■ Data for processing
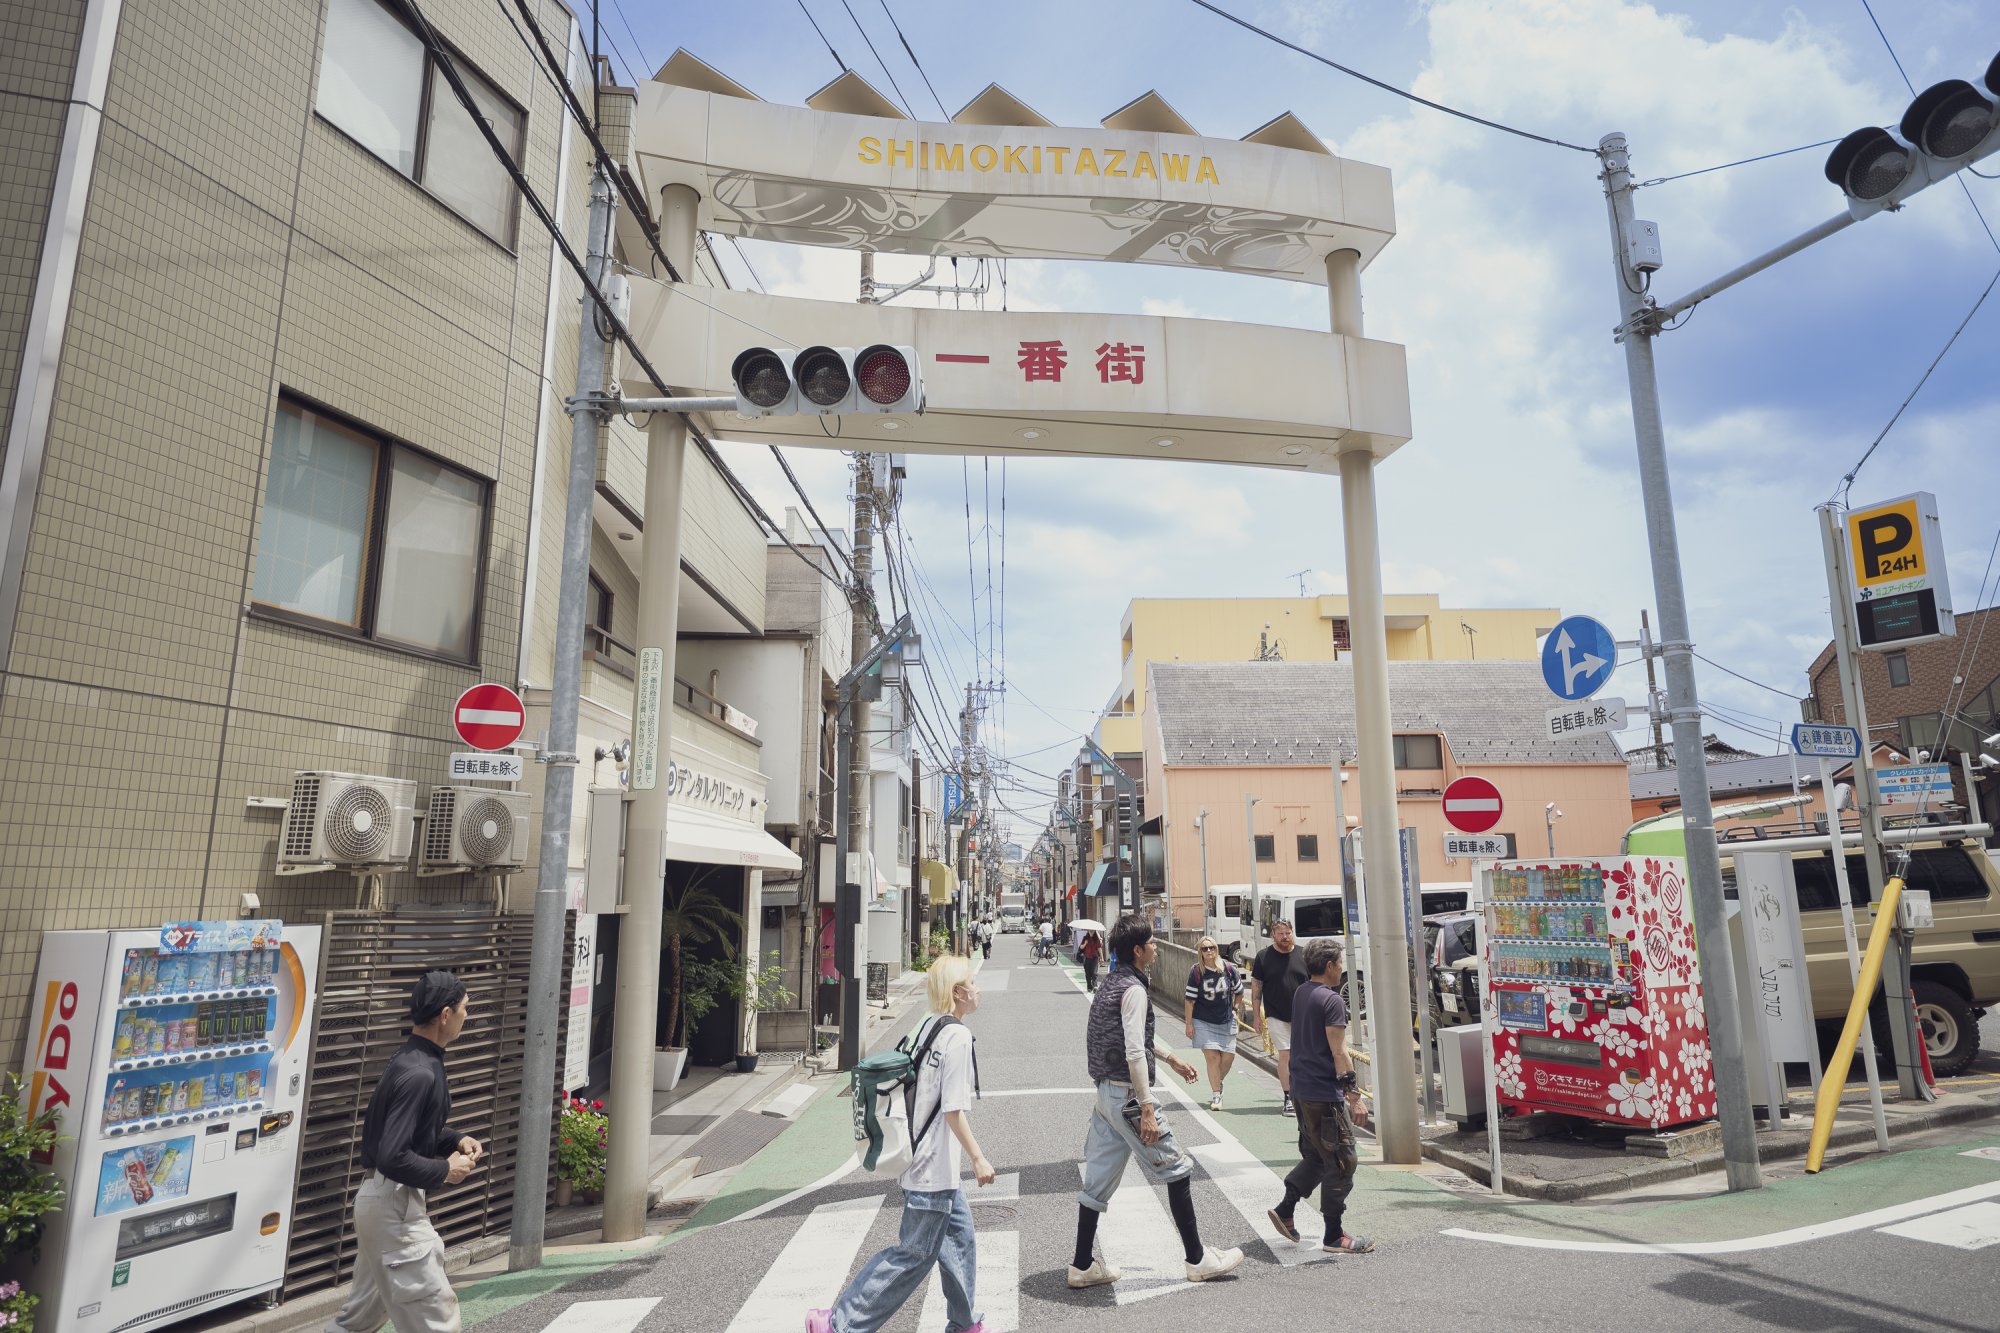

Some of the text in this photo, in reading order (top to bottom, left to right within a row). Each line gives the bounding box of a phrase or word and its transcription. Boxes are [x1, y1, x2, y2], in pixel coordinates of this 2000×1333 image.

[857, 136, 1220, 185] SHIMOKITAZAWA
[935, 340, 1146, 384] 一番街
[1858, 513, 1912, 578] P
[1881, 554, 1917, 575] 24H
[1551, 706, 1618, 735] 自転車を除く
[1811, 730, 1853, 745] 鎌倉通り
[454, 759, 519, 776] 自転車を除く
[678, 768, 744, 811] デンタルクリニック
[1448, 840, 1502, 853] 自転車を除く
[573, 934, 591, 969] 科
[1203, 976, 1228, 1000] 54
[1549, 1073, 1602, 1088] スキマ デパート
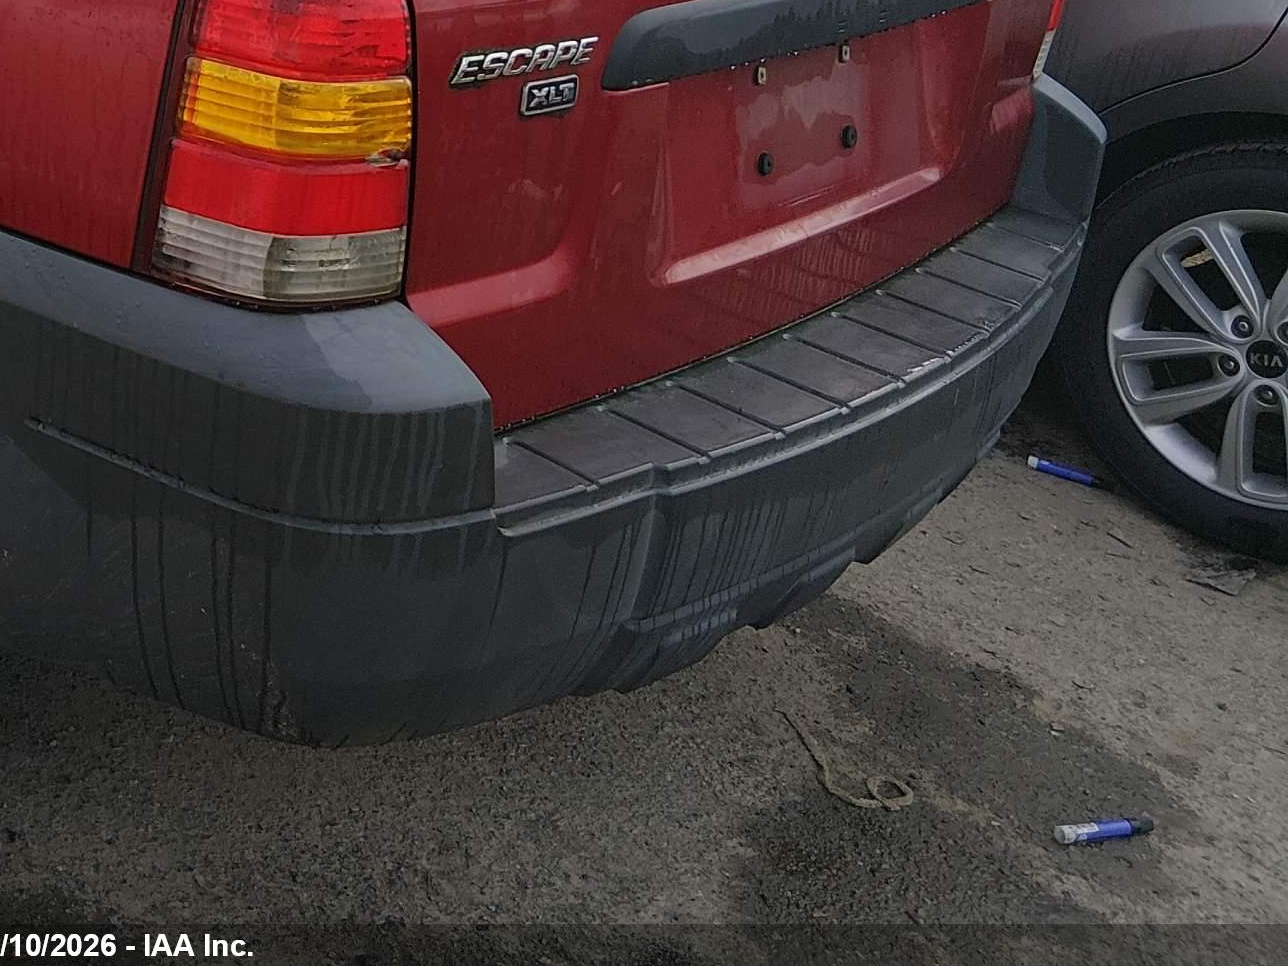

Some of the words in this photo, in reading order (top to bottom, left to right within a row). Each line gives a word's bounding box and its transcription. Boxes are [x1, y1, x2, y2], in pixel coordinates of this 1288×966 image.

[450, 35, 600, 85] ESCAPE
[528, 82, 575, 109] XLT
[1250, 353, 1284, 367] KIA
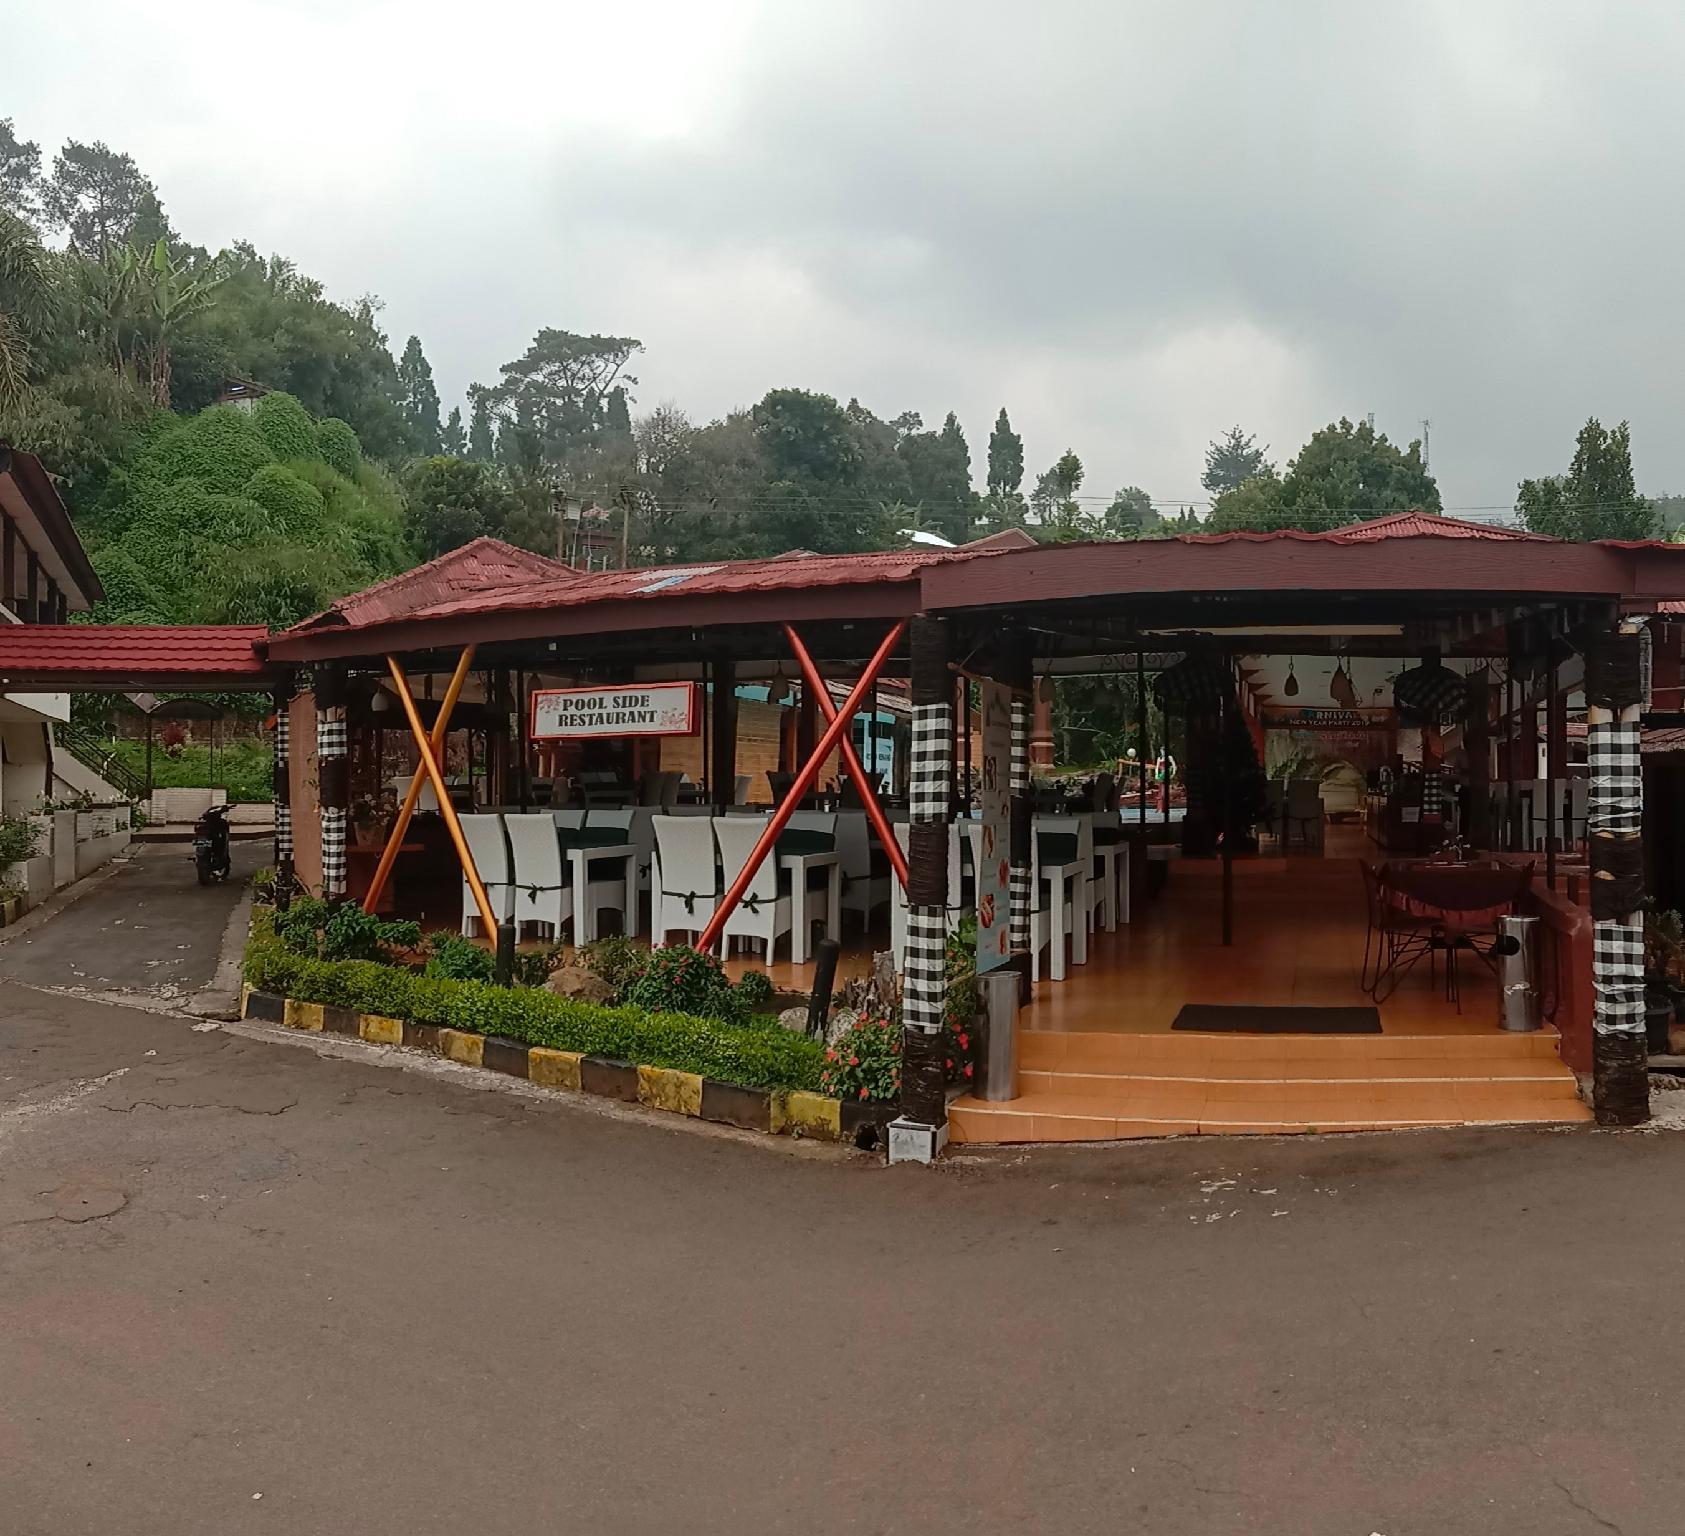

■ Work required
Keep every word of the records and none of the pictures when you print them again.

■ Answer below
Some of the text in this photo, in reading order (top to bottom, left to right within a row). Each line gives the bounding box of a phrase or word and its transcription. Boxes are [x1, y1, x2, y2], in pixel coordinates of this 2000×1333 image.

[857, 136, 1220, 185] SHIMOKITAZAWA
[935, 340, 1146, 384] 一番街
[1858, 513, 1912, 578] P
[1881, 554, 1917, 575] 24H
[1551, 706, 1618, 735] 自転車を除く
[1811, 730, 1853, 745] 鎌倉通り
[454, 759, 519, 776] 自転車を除く
[678, 768, 744, 811] デンタルクリニック
[1448, 840, 1502, 853] 自転車を除く
[573, 934, 591, 969] 科
[1203, 976, 1228, 1000] 54
[1549, 1073, 1602, 1088] スキマ デパート

Some of the words in this photo, in reading order (top to bottom, left to right within a row). Each line gives a word's bounding box and its transcription. Boxes are [x1, y1, x2, y2], in pixel coordinates of this 1288×966 image.

[450, 35, 600, 85] ESCAPE
[528, 82, 575, 109] XLT
[1250, 353, 1284, 367] KIA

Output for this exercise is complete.